Work instruction: Without a single alteration, write the listing out again.

Dataset:
BEGIN

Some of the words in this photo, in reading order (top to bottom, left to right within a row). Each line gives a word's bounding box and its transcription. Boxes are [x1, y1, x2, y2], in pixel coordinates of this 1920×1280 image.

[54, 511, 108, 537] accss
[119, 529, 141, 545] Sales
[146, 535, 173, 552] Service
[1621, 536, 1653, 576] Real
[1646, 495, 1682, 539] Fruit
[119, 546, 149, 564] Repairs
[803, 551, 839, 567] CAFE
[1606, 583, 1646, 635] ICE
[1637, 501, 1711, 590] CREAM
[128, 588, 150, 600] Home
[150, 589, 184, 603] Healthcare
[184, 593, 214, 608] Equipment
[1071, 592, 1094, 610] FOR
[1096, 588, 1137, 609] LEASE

END

Answer section:
Some of the words in this photo, in reading order (top to bottom, left to right within a row). Each line gives a word's bounding box and its transcription. Boxes are [x1, y1, x2, y2], in pixel coordinates of this 1920×1280 image.

[54, 511, 108, 537] accss
[119, 529, 141, 545] Sales
[146, 535, 173, 552] Service
[1621, 536, 1653, 576] Real
[1646, 495, 1682, 539] Fruit
[119, 546, 149, 564] Repairs
[803, 551, 839, 567] CAFE
[1606, 583, 1646, 635] ICE
[1637, 501, 1711, 590] CREAM
[128, 588, 150, 600] Home
[150, 589, 184, 603] Healthcare
[184, 593, 214, 608] Equipment
[1071, 592, 1094, 610] FOR
[1096, 588, 1137, 609] LEASE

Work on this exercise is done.